Overall, I intend to assess the contributions of the parties as to 30% in favour of the Applicant and as to 70% in favour of the Respondent. That then leaves the issue of adjustments, if any, to be made pursuant to section 90SF(3) of the Act.
Each party argues for an adjustment in their favour. The Applicant suggests an adjustment of not less than 5% in her favour and the Respondent an adjustment of 5-8% in his favour.
I will touch on each of the factors briefly.
Age and state of health of the parties
As is apparent from the evidence, the Applicant is 47, soon to turn 48 years of age, the Respondent a few further years advanced, being 52, turning 53 this year.
The state of health of each of the parties is problematic. Each has experienced significant trauma in their prior professional life with the (employer omitted). It is acknowledged that the Applicant has experienced PTSD symptoms since prior to the commencement of the relationship and, whilst these do not presently impact upon her participation in paid employment, they may well do so in the future.
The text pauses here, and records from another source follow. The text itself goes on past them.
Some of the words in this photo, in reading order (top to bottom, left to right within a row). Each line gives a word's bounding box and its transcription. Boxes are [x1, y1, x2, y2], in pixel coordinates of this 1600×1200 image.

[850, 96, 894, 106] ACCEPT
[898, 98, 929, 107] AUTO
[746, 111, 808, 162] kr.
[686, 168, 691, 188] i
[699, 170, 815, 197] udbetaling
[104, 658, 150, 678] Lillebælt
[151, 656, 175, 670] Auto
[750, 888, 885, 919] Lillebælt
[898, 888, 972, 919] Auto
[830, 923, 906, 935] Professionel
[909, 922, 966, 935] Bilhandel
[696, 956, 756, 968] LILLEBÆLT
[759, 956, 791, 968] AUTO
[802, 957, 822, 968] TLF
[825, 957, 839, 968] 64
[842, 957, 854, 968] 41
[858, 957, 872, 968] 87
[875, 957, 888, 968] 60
With respect to the Respondent it is conceded, as addressed above, that he is unfit to ever return to work as a (occupation omitted), the only job of consequence that he has held during his adult life and a service which he provided willingly. In all probability, it is unlikely that the Respondent will ever engage in remunerative employment in the future.
At present, the Respondent receives a work pension. It is not possible to accurately discern from the evidence whether it is so, but it is suggested by the Respondent that the pension will continue until he is 60 and he will then be left with his superannuation together with such assets as he holds.
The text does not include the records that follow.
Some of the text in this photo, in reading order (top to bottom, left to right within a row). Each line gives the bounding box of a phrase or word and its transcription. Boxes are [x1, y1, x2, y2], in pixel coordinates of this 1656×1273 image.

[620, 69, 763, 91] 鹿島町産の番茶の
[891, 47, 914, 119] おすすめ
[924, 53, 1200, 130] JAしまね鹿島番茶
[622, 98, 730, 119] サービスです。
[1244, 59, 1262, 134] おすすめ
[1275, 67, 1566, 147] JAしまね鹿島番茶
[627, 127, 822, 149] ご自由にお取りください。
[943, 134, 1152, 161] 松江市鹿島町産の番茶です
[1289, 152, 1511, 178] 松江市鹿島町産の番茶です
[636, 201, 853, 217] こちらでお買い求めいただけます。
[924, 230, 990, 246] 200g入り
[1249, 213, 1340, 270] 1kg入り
Thus, the prognosis for the effect of the Respondent’s health as regards his participation in employment is poor. The Respondent’s evidence as to the symptomology he experiences, the medical interventions he engages with and the medication that he is prescribed and takes also suggests that he experiences significant disability beyond that which the Applicant presently experiences. This factor would favour the Respondent.
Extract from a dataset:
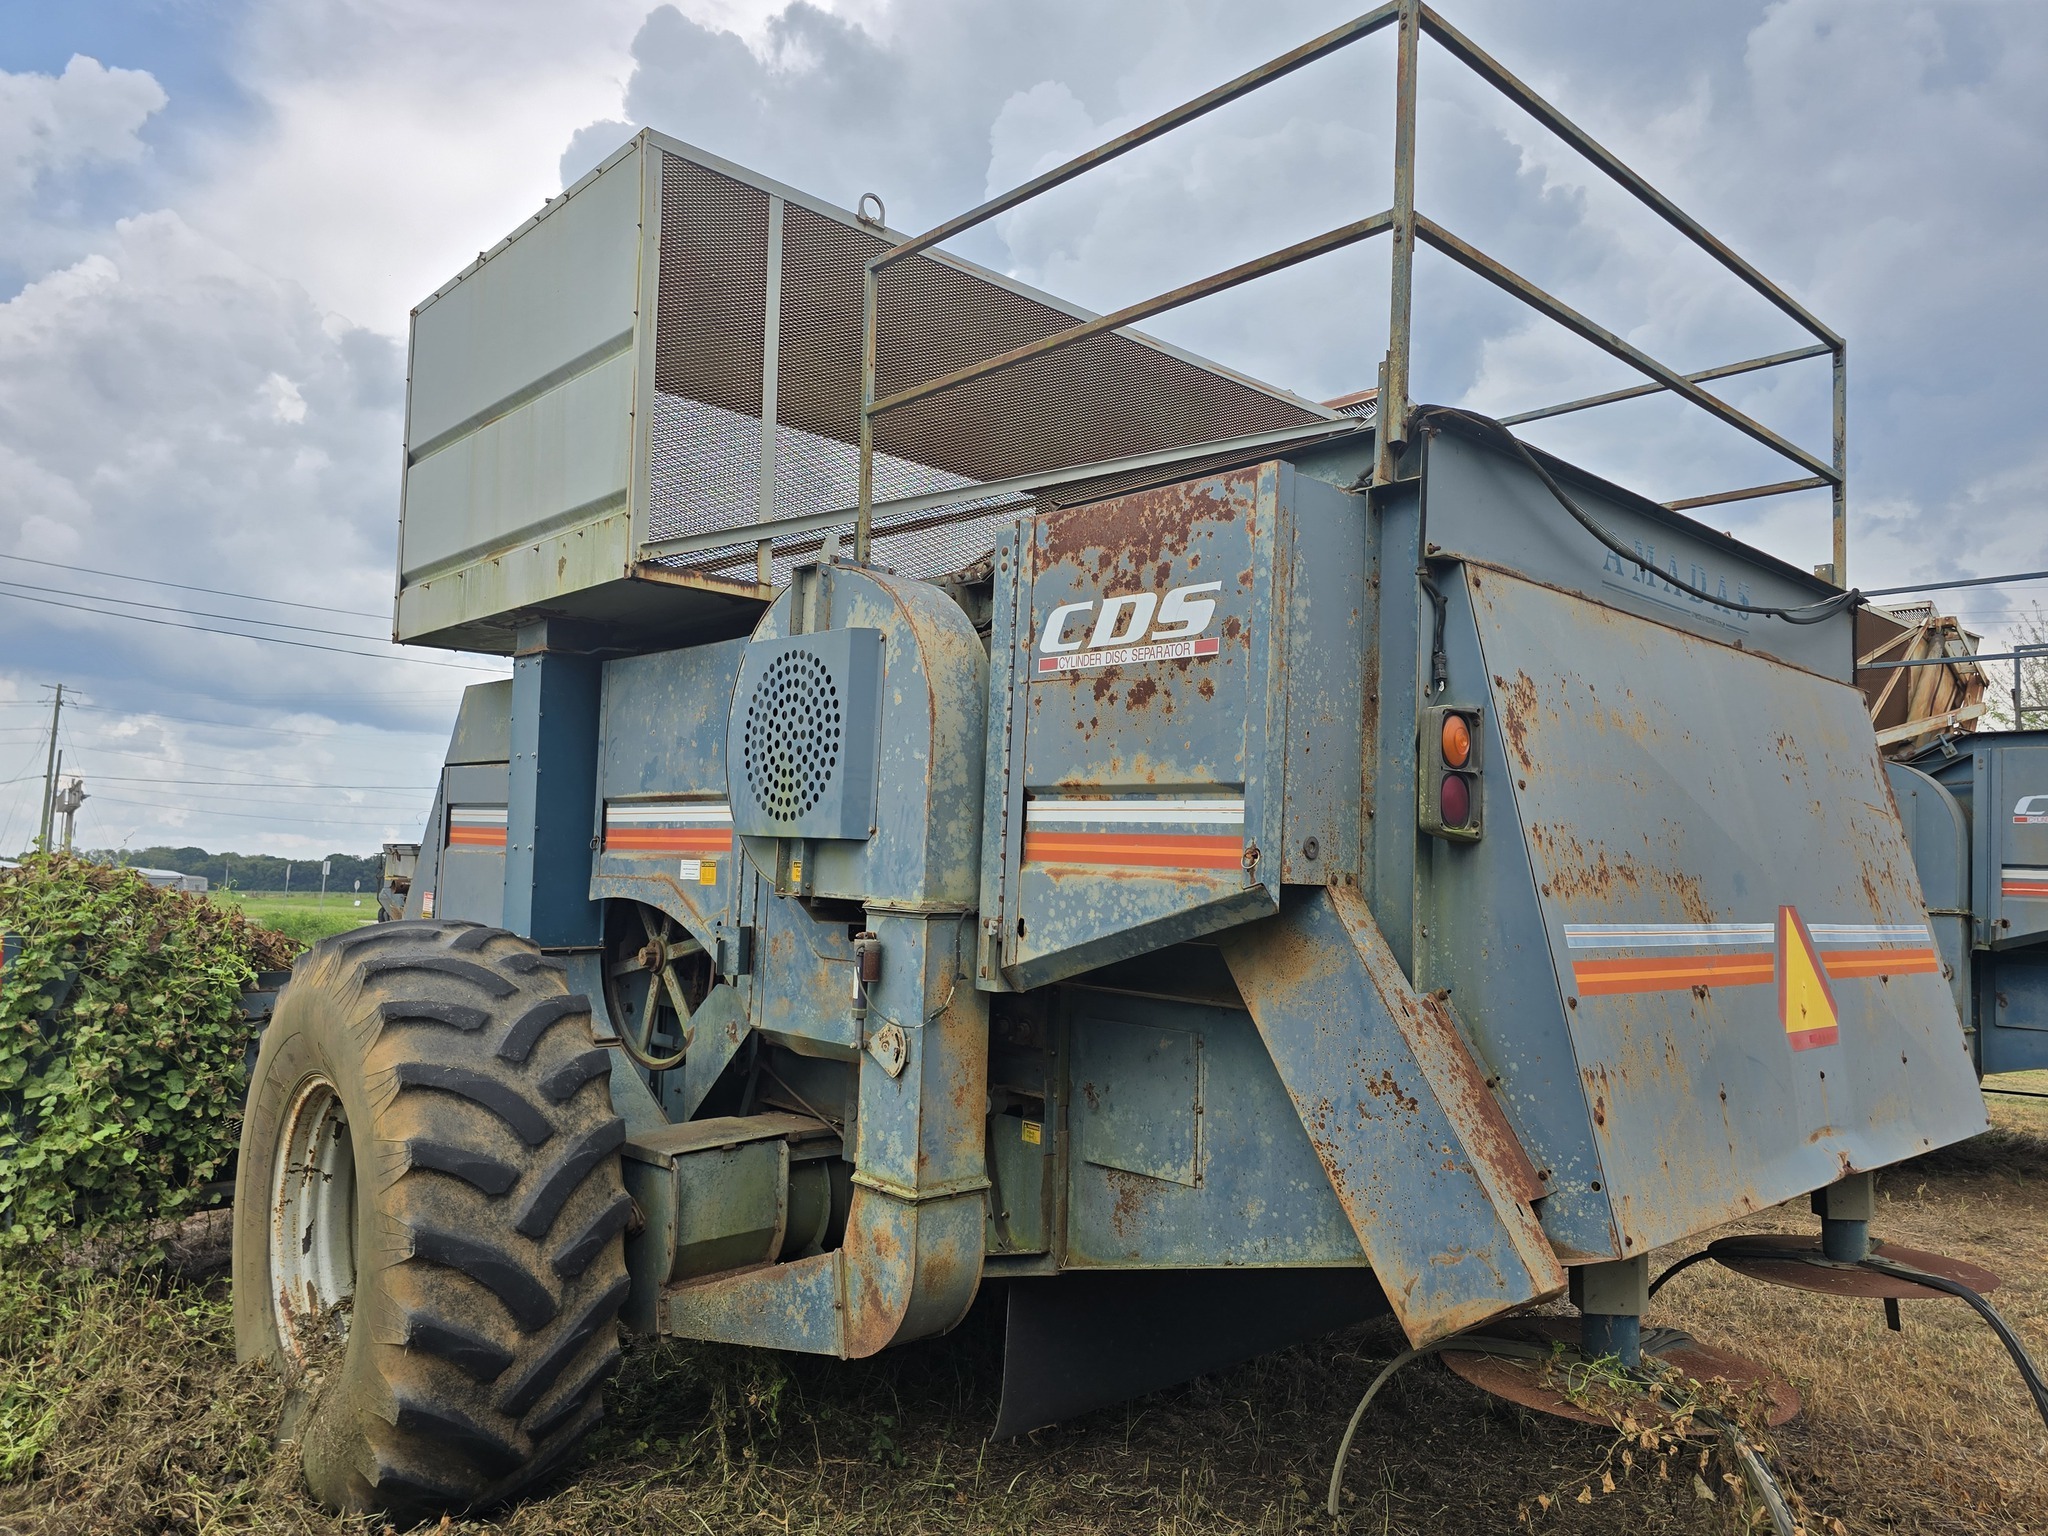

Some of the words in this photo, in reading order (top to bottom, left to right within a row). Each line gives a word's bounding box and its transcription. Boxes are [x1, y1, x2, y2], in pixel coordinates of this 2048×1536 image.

The income, property and financial resources of the parties and their capacity for gainful employment
The latter factor is touched upon above. It is unlikely the Respondent will ever work again. The Applicant continues to work, although it is unlikely that her income will ever grow beyond that she is presently earning, being a modest income slightly above average weekly wages. Her health issues may impact upon her gainful employment in the future, but there is no evidence that would enable any projection of when or if that will likely occur.
The income, property and financial resources of the parties must be considered by reference to the circumstances of these parties. Since the separation of these parties, the Respondent has retained use and occupation of all tangible assets of significance and has received all rents and profits therefrom, including the uninterrupted use and occupation of the Property C property, albeit whilst servicing the mortgage encumbering it. The Applicant, on the other hand, has been left to the vagaries of the rental market and paying rent has taken a sizable portion of her income in the process. This is in contradistinction of the Respondent’s willingness to allow his adult son to occupy one of the investment properties at a reduced rental. Such largesse has not been extended to the Applicant.
The income of the Applicant is comparable to the income of the Respondent at this time. In addition to the hurt on duty pension, there is also such income as is generated from the investment properties, although, as I have found, they operate at a loss. The loss is less now than it had been in past years whilst the relationship subsisted. The accumulated losses do, or will, when the Respondent deigns to file his tax returns for the last four years, produce a substantial financial benefit to him. In addition, the Respondent is able to reduce the income tax that he is required to pay in relation to his (employer omitted) income and will receive tax returns in all probability. This factor thus favours the Applicant.
Whether either party has care and control of a child under 18
Neither does. The child, Mr D, is now an adult, 21 years of age. Notwithstanding that the Financial Statement sworn by the Respondent on the first day of hearing and filed that morning suggested that Mr D resides with the Respondent, he does not. He lives in one of the four investment properties, albeit paying rent suggested to be at a discounted rate. This factor is not relevant.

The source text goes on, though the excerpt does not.